The object you set in Data travels untouched to IGuiTool.OnDataReceived. Use it to pass already-parsed data (e.g., a decoded JsonDocument) so the tool does not have to re-parse the raw string.

Predefined Data Type Names

DevToys ships built-in detectors for the following types. You can declare any of them as baseName in your own [DataTypeName] to build on top of existing parsing, or use them directly in [AcceptedDataTypeName] without writing a detector at all.
ConstantString valueDescription
PredefinedCommonDataTypeNames.Text"text"Plain text (any clipboard string)
PredefinedCommonDataTypeNames.Json"json"Valid JSON object
PredefinedCommonDataTypeNames.JsonArray"jsonArray"Valid JSON array
PredefinedCommonDataTypeNames.Xml"xml"Valid XML document
PredefinedCommonDataTypeNames.Xsd"xsd"Valid XML Schema (XSD)
PredefinedCommonDataTypeNames.Base64Text"base64Text"Base64-encoded text
PredefinedCommonDataTypeNames.Base64Image"base64Image"Base64-encoded image
PredefinedCommonDataTypeNames.Image"image"Raw image data
PredefinedCommonDataTypeNames.ImageFile"imageFile"Path to an image file
PredefinedCommonDataTypeNames.File"file"Path to a single file
PredefinedCommonDataTypeNames.Files"files"Paths to multiple files
PredefinedCommonDataTypeNames.GZip"gzip"GZip-compressed data
PredefinedCommonDataTypeNames.Date"date"A parseable date/time string
Inherit from an existing type by setting baseName instead of reimplementing detection from scratch. For example, a YAML-to-JSON converter could declare baseName: "text" to ensure it only runs when there is text on the clipboard, without writing its own clipboard-read logic.
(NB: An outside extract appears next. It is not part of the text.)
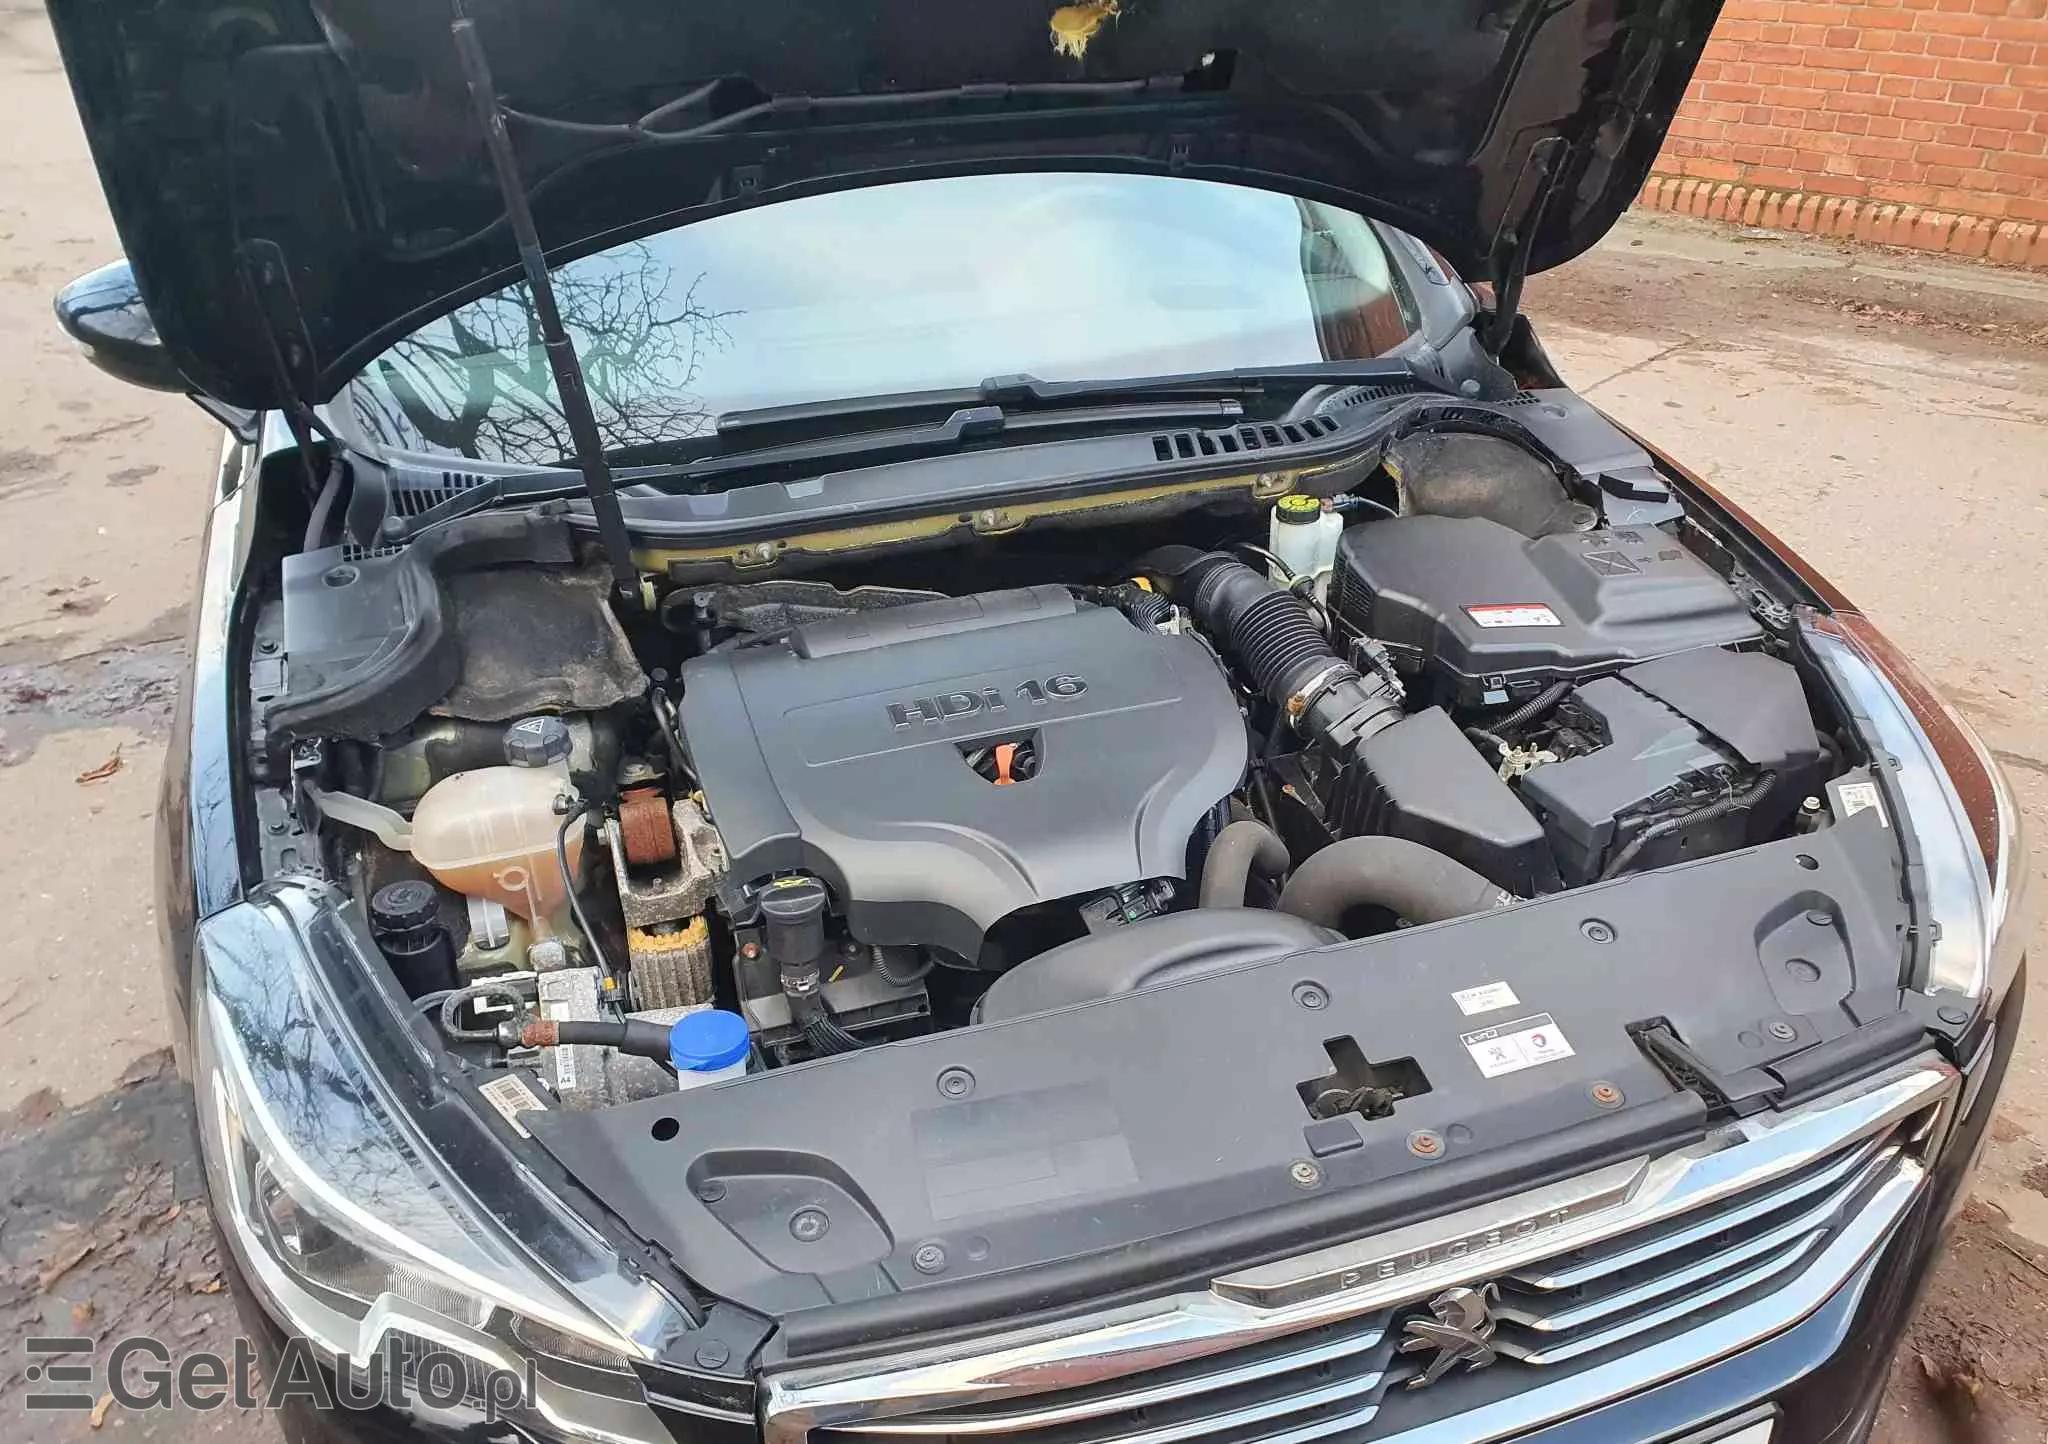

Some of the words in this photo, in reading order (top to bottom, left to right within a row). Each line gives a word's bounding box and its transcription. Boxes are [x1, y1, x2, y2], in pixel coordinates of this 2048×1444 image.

[885, 686, 1007, 731] HDi
[1015, 673, 1089, 705] 16
[1340, 1209, 1569, 1288] PEUGEOT
How OnDataReceived Fits In

When the user clicks on a Smart Detection suggestion, DevToys calls OnDataReceived on the IGuiTool:
void OnDataReceived(string dataTypeName, object? parsedData);
  • dataTypeName — the DataTypeName string from [DataTypeName] on the detector that matched.
  • parsedData — the Data object from the DataDetectionResult returned by that detector.
Route the data to the appropriate UI element based on dataTypeName:
public void OnDataReceived(string dataTypeName, object? parsedData)
{
    switch (dataTypeName)
    {
        case "my-jwt":
            if (parsedData is string header)
                _headerOutput.Text(header);
            break;

        case PredefinedCommonDataTypeNames.Text:
            if (parsedData is string text)
                _jwtInput.Text(text);
            break;
    }
}
OnDataReceived is only called when the user navigates to a suggested tool, not at detection time. The detection pipeline runs in the background continuously; the parsedData from the most recent detection is buffered and delivered on navigation.